今年初,市人力社保局发布了《关于公立医院改革试点区县基层医疗机构扩大基本医保药品报销范围有关问题的通知》(津人社局发〔2016〕7号),将国家基本药物目录范围外的糖尿病和高血压等慢性病常用药,纳入公立医院改革试点区县的基层医疗机构报销,按照零差率标准支付,报销比例高达75%。
二、适当调整社区医院医保额度
《市人力社保局关于2015协议年度基本医疗保险基金预算分配方案的批复》(津人社局函〔2015〕337号)中规定:“对于2015协议年度新增、没有历史运行数据的定点医疗机构,根据其服务能力并参照同区域同级别定点医疗机构平均水平确定标准。其中新增定点医疗机构的职工和居民医保基金住院支出预算指标,以其床位数(以卫生行政部门核定床位数为准)乘以同区域同级别定点医疗机构每张床位对应的平均住院支出预算指标,按月核算确定。新增定点医疗机构的职工和居民医保基金门诊、门特支出预算指标,以其医保服务医师数(以医疗保险信息系统备案数据为准)分别乘以同区域同级别定点医疗机构每位医师对应的平均门诊、门特支出预算指标,按月核算确定。”

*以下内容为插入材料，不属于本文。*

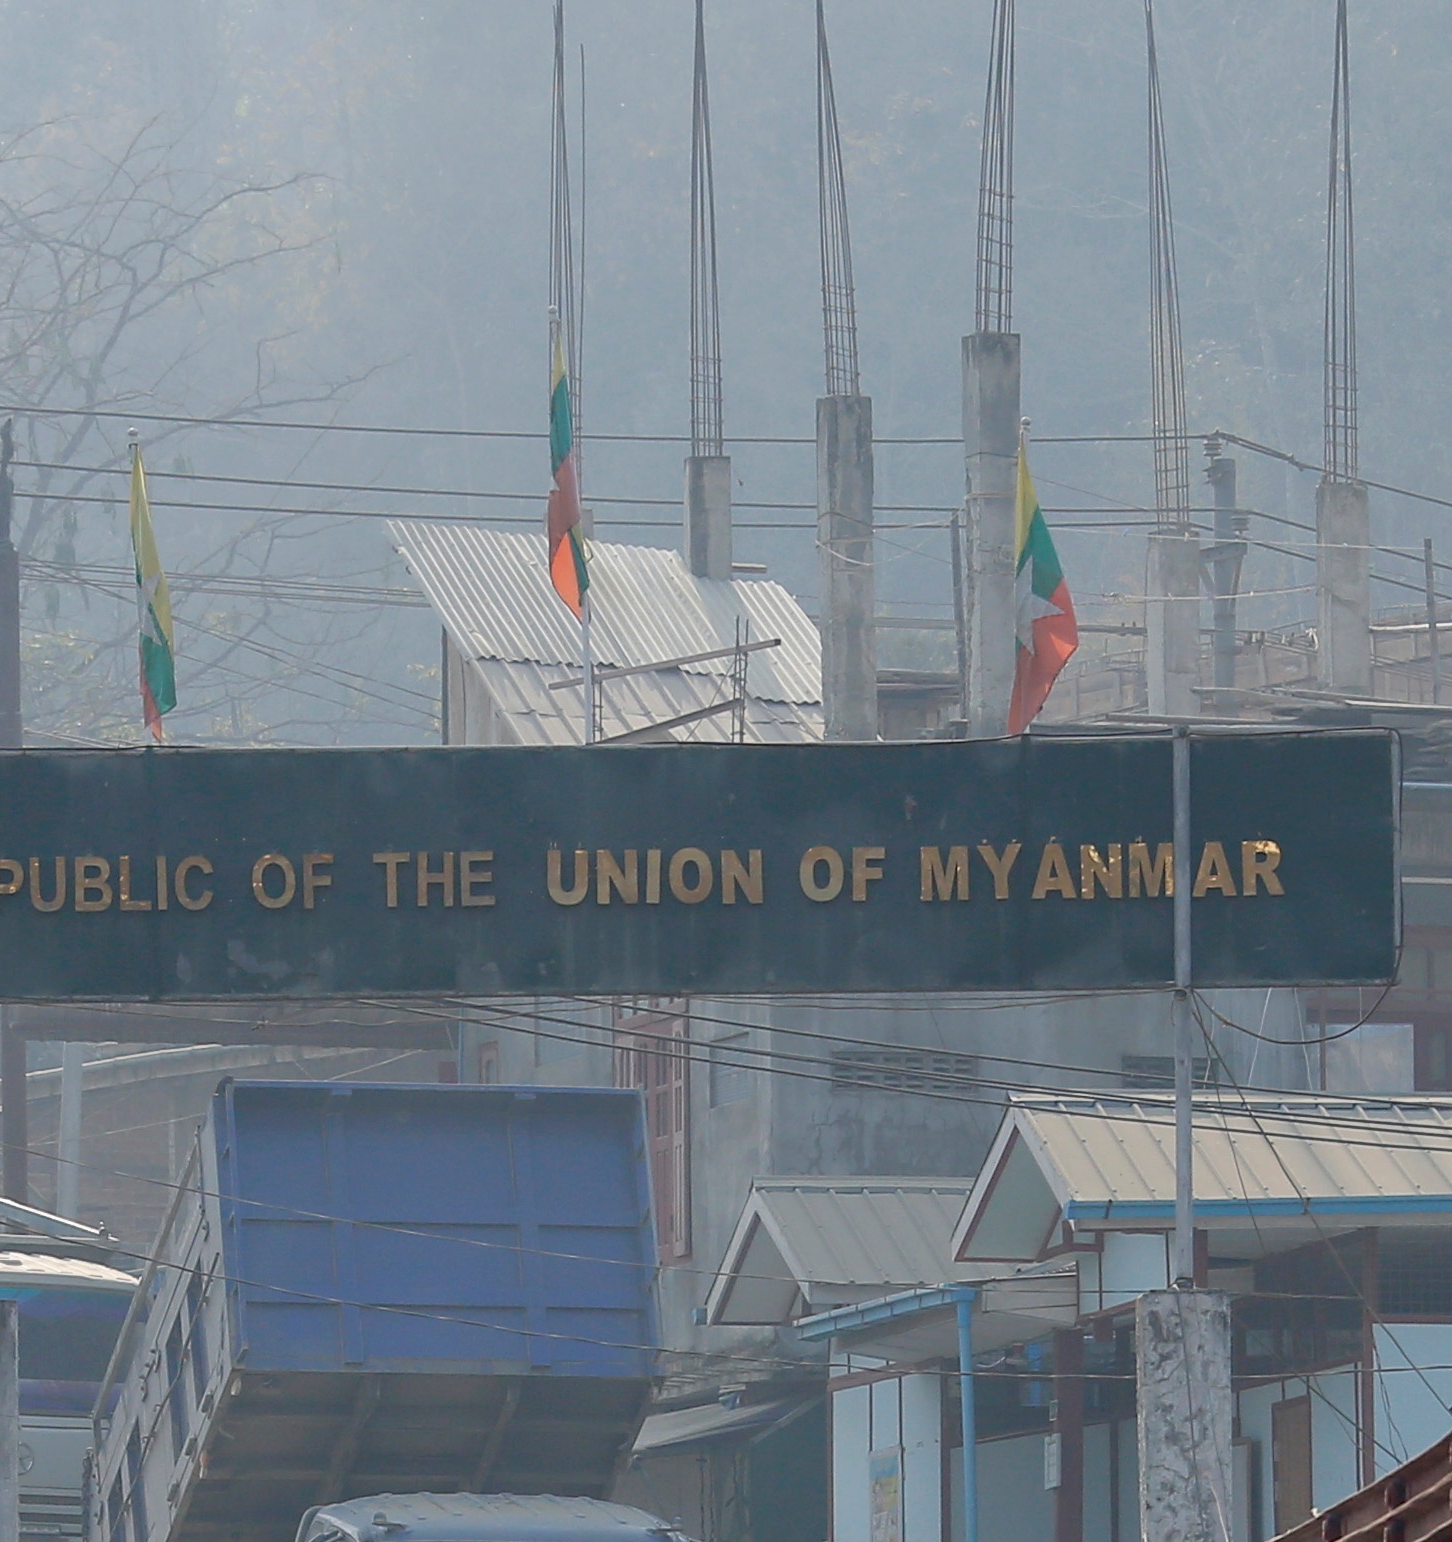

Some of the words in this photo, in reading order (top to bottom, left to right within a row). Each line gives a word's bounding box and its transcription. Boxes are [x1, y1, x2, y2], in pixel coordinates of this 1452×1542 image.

新增机构无基础运行数据,因此,第一年先给予基础维护值基金,用于医疗机构日常运行。如运行过程中出现超总额的情况,根据《天津市基本医疗保险基金总额管理试行办法》(津人社局发﹝2014﹞41号)中明确规定:“医保经办机构在预算执行过程中,因定点服务机构工作量明显增加或减少等情形,可在支出总预算范围内做出适当调整。”在中期调整和年终清算时,会根据同类别医疗机构的指标运行情况,综合考量服务机构工作量,对指标超标额度进行调整。